At Uno Mas, you won’t find any uninspired olive bowls and it’s Spanish cuisine that elevates the normal tapas experience. A dazzling selection of pintxo and sharing dishes, as well as more extensive starters and mains, is compact but trendy eatery, which features bare white walls and deep-green leather seating. The menu varies periodically, but there are still a selection of real Spanish bites, such as croquetas of salt cod, squid a la plancha, chorizo and jamón ibérico. With plenty of choices for both palates and price ranges, as well as some unique ports and sherries for those who want a nice ending to their dinner, the wine list is long and comprehensive.
Social Fade Street
In this corner of the area, it’s always buzzing and you can watch all of the activity happen from the outdoor seats at Fade Street Social. Opt for a menu of tapas, and don’t be shy with your order. The pink duck breast slivers with pickled kumquats are a must, but do not miss the smaller sides-standout is the salted popcorn combined with crispy truffled meat.
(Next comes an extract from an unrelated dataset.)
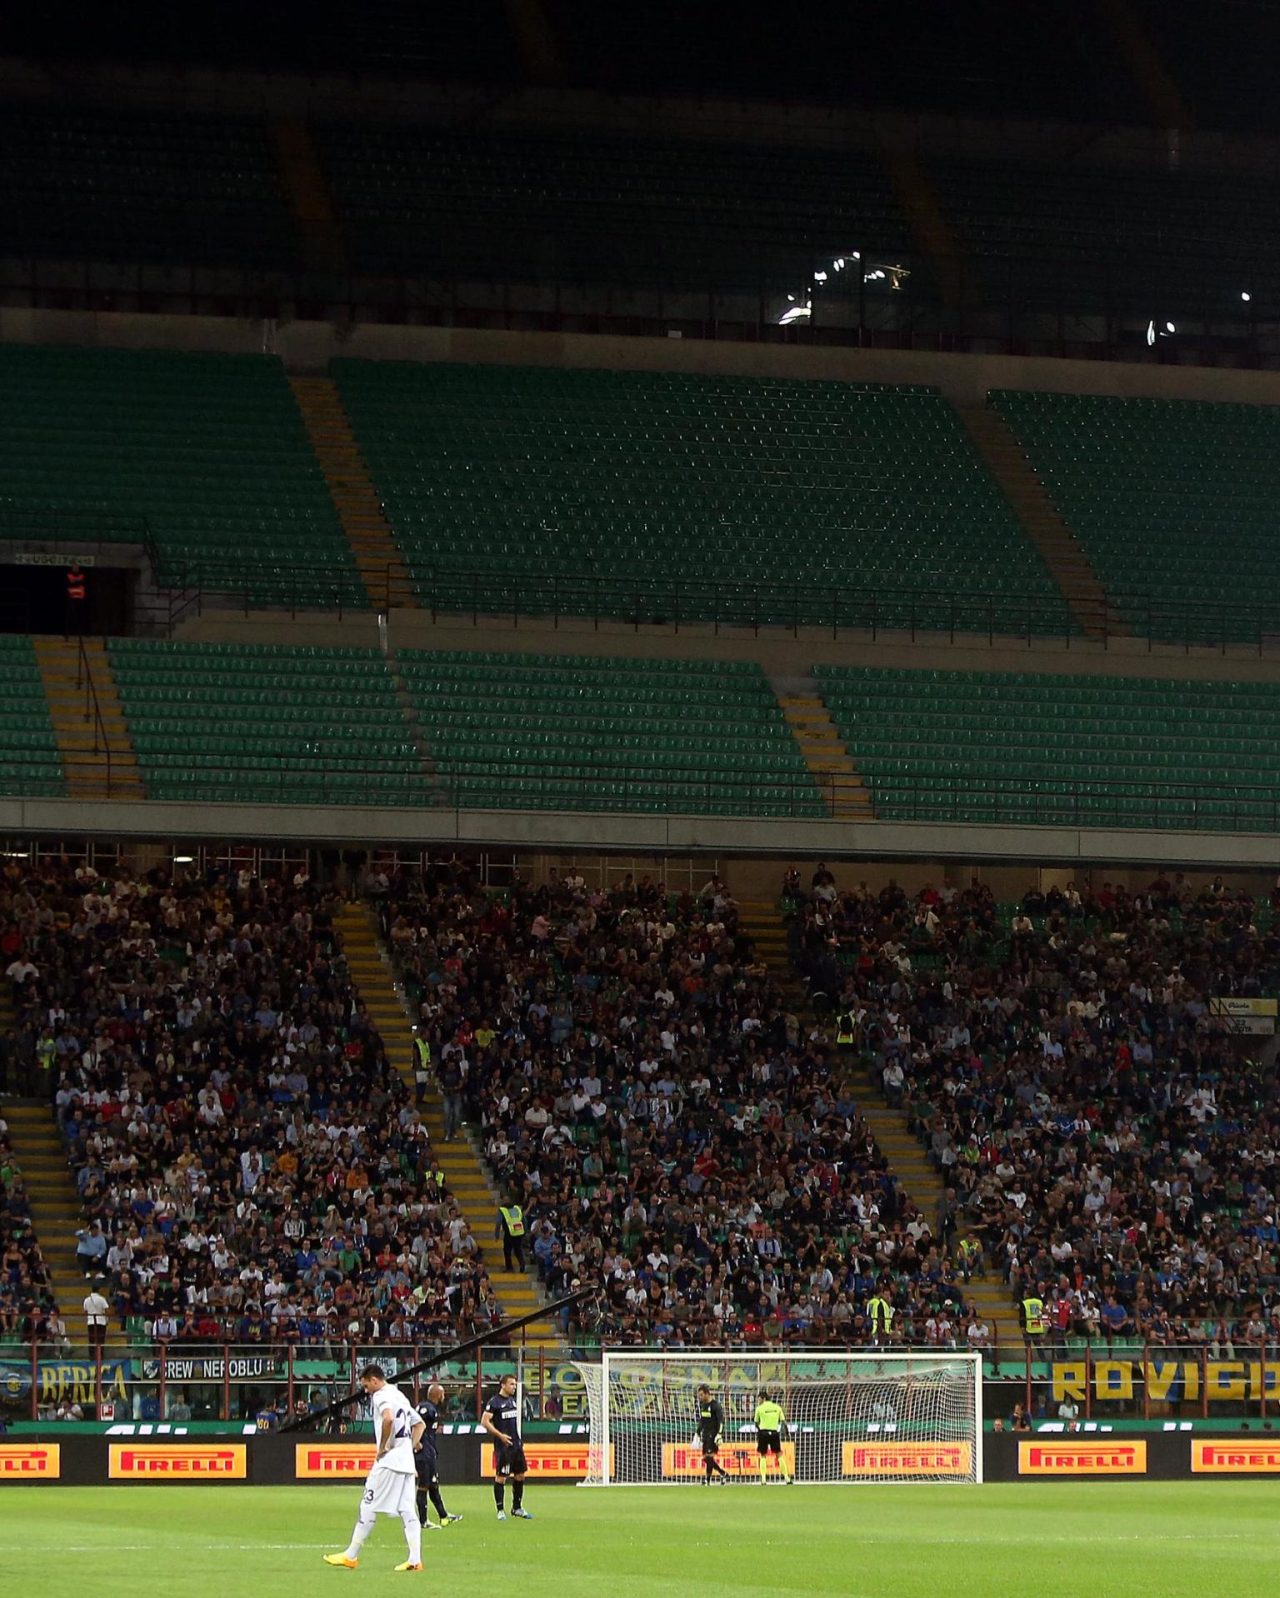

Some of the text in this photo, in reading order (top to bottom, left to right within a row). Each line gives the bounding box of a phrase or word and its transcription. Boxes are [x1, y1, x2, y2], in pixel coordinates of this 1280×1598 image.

[120, 1451, 234, 1471] PIRELLI
[854, 1448, 961, 1468] PIRELLI
[1029, 1448, 1135, 1467] PIRELLI
If you’re in a steak mood, then hotfoot it up at Featherblade. This steakhouse focuses on unique cuts of outstanding meat, utilizing original techniques to get the best results, not a spot to bring a vegetarian, and the rates are good to boot. Depending on what’s in, the selection varies, but you’ll still notice the namesake cut feather blade and an outstanding variety of side dishes, from truffled mac and cheese to dripping chips of beef.
Although Dublin was once recognized primarily for its vibrant music and bar scene, the Irish capital has become a food destination in recent years. In the city’s dining establishments, the next wave of talented young chefs have taken up residence, changing the culinary landscape and throwing a spotlight on Irish food, whether it is outstanding beef, organic dairy or seasonal vegetables. Visitors to Dublin will experience an array of dining opportunities today. If you hanker for haute cuisine or cafe fare, there’s somewhere to please the taste buds of all.
A real smorgasbord of culinary delights is how Dublin’s restaurant scene can be defined. There’s never been a broader selection of enticing places to eat, with gastropubs, barbecue shops, fine dining, fast-casual restaurants in Dublin and more.
We hope you enjoyed this guide of the best restaurants in Dublin!